I’m relieved at the lack of the crying that I had expected to hear, as during our last call.
“So, how do things look?” I get right to it.
“We went a solid forty-eight-plus hours not talking,” she says, her tone regretful.
“Oh, Charlotte.”
“He’s been sleeping in the guest room, using the guest bath. We have dinner together. For the kids. Basically there’s been as little contact with each other as possible. But the moratorium lifted after two days.”
“Oh?”
“Before I crawled into bed, by myself, Marco was in the room. And no, he didn’t have a knife
or a golf club.”
“Okay,” I say with a laugh.
“He didn’t say much. He was reserved—still a bit icy but not frigid. He said he didn’t want to lose me.”
“Omigod, Charlotte. That’s good!” I breathe in grand relief.
“But that he’s really angry with me. Unbelievably angry.”
“Understandable.”
“He says he wants to go to therapy. To try counseling. To work through this.” At long last she begins to cry, but her gentle sobs and lack of moaning, and the turn of events itself, tell me they’re tears of joy, relief, hope. “He said he wants to work to save our marriage.”
“I’m so happy for you, Charlotte. That’s wonderful news.”
“It is. We’ve still got so much to work through. This is a start, though. This is just what I want. What we need.”
“Exactly.”
“I love Marco so much. So incredibly much. I’ve just . . . lost my way.” She inhales deeply, a high note of exhausted relief pealing over the line. “We need counseling. We need help. We’re finally going to get it, and I think we can work through this.”
“Of course you guys can.”
“Well, I need to get going,” she says at the sound of her kids in the background. “I wanted to let you know things are working out, slowly, one step at a time.”
“I’m so glad.”
“Yeah,” she says in a small voice. “We’re still not talking much, and we’re still in separate beds, but we’re under one roof.”

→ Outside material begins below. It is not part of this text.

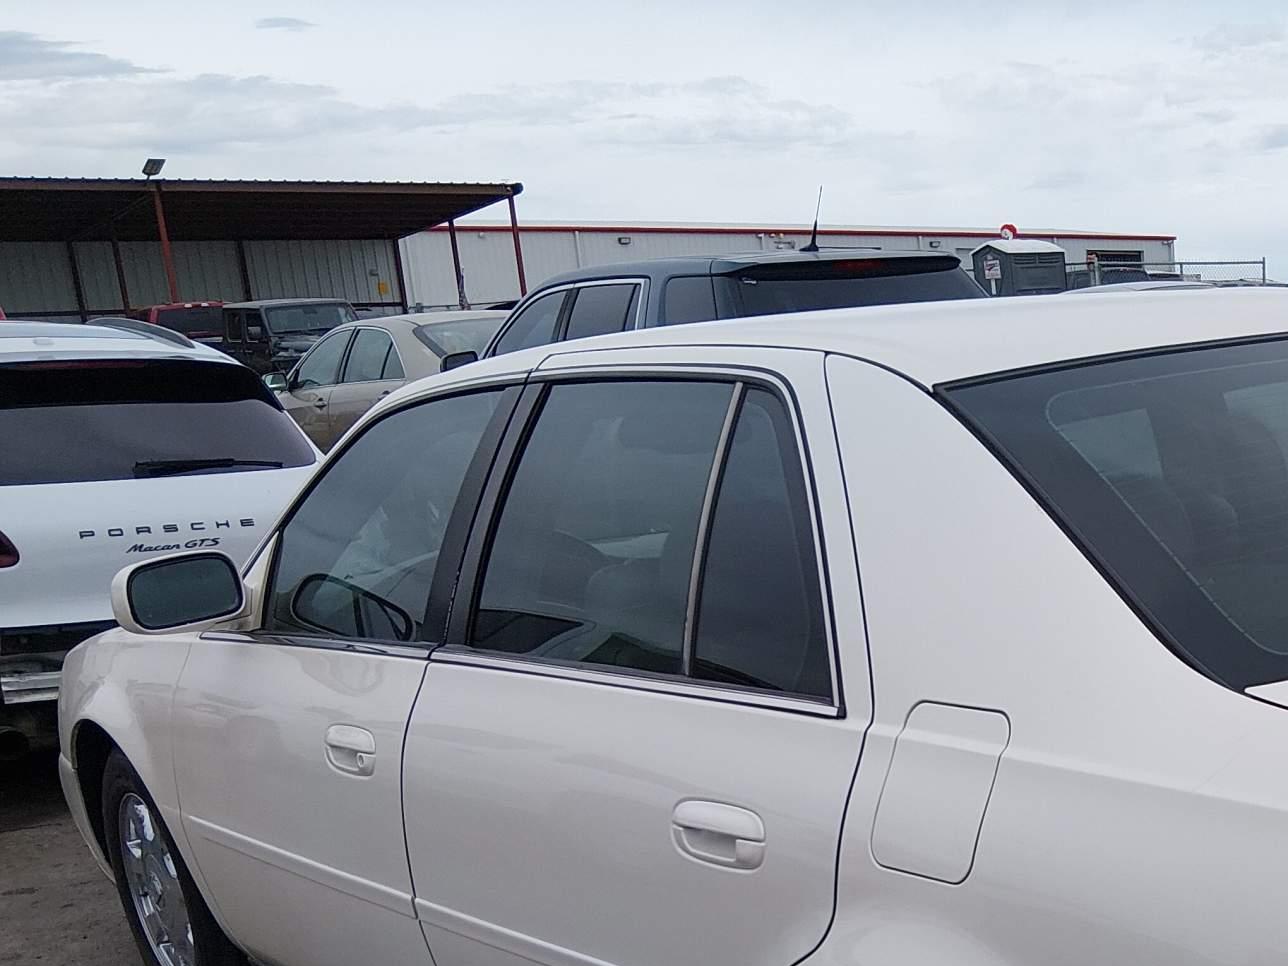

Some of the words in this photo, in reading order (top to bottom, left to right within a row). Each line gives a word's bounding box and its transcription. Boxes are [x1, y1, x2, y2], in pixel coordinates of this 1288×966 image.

“Isn’t that half the battle?”
As the idiom goes, when it rains it pours, and my oh my does it pour on Thursday night. What is supposed to be the night I settle in with a bath and the final chapters of Nina’s book turns out to be a scene from Sweeney Todd. That’s an exaggeration, but blood may as well be flowing.
“I can’t believe it! I can’t believe it!” Marian screams. She’s got her hands fiercely clapped to the sides of her head, her acrylics boring into her scalp. She messes her hair while screaming, “I’m an idiot! Idiot, idiot, idiot!”
“Marian.” I try to soothe her, but it’s no use. She’s run amok, charging up and down the hall . . . into my bedroom, into hers . . . through the living room . . . briefly stepping onto the balcony, then back into the living room, all the while shouting obscenities and insults at her own expense.